A measles outbreak in Los Angeles County, California, is centered on the Orthodox Jewish community, according to reports.
Some 20 people have been infected in the outbreak, with 18 in LA County, 15 of whom, according to the LA County Department of Public Health “either knew one another or had a clear social connection, ” the Los Angeles Times reported over the weekend.
None of the 18 people could show proof of vaccination, according to the health department’s interim health officer Dr. Jeffrey Gunzenhauser.
Most of those infected were in their 20s but the infected also included young children and older adults, according to the newspaper.
The outbreak comes six months after California passed a strict vaccine law, making vaccines mandatory beginning in first grade.

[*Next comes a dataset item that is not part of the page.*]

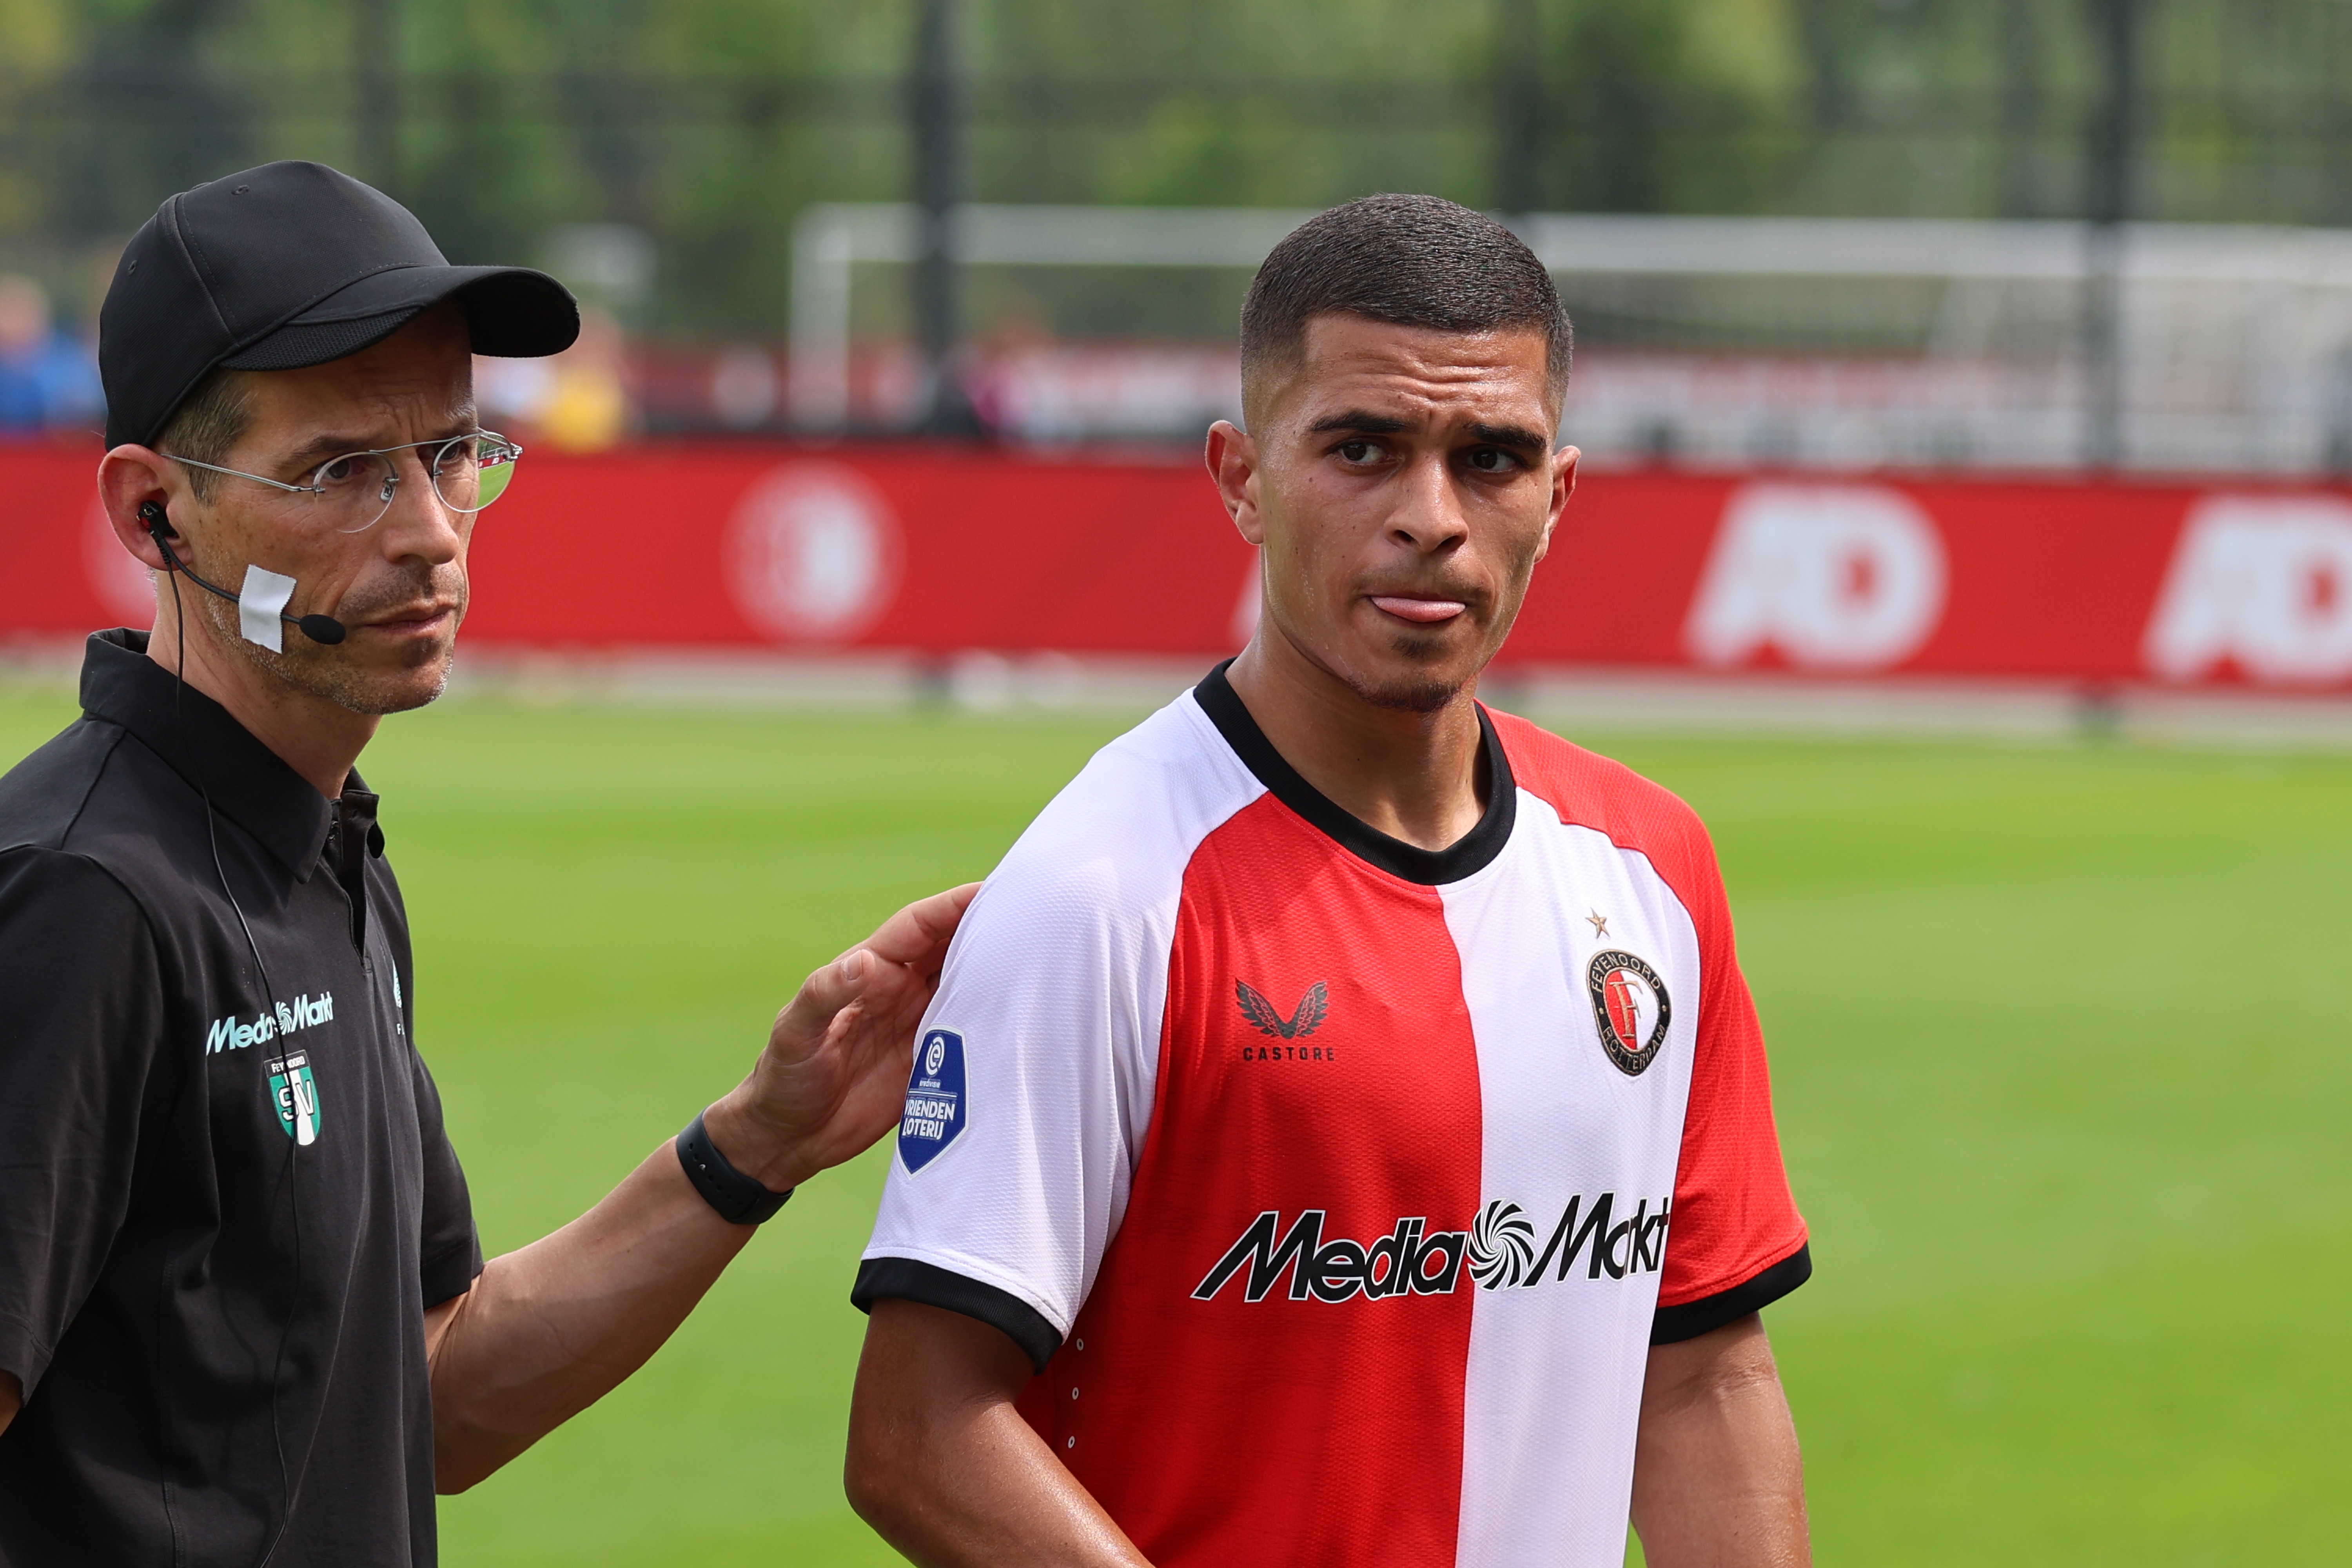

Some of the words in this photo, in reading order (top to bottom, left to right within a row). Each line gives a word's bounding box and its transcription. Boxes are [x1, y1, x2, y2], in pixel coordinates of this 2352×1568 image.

Rabbi Hershy Z. Ten, president of the Los Angeles Bikur Cholim organization, said in a column written for Jewish Home LA that at the end of December he had received a call from Dr. Franklin Pratt, medical director for the Los Angeles Department of Public Health Immunization Program, “who advised that just days prior, a measles outbreak was identified in the Los Angeles Orthodox Jewish community linked through epidemiology, social interaction, and geography.
He asked that Bikur Cholim urgently readdress and write about this issue in order to reach as many Jewish communities as quickly as possible.”
Gunzenhauser said county health workers interviewed each infected person to find out everywhere they went during the four days before and after they developed the rash associated with measles.
The county workers ultimately identified more than 2,000 people who may have come into contact with a measles patient, and discovered that about 10 percent of them had not been vaccinated.
“Regardless of what or when any regulations were implemented or any parents’ personal belief, no child should be allowed to remain at school or enter a play-group, whether at a home or synagogue, without proof that they’ve been immunized,” Ten wrote.
In 2015, a wave of pertussis, or “whooping cough,” appeared in the haredi Orthodox communities of Williamsburg and Borough Park, Brooklyn.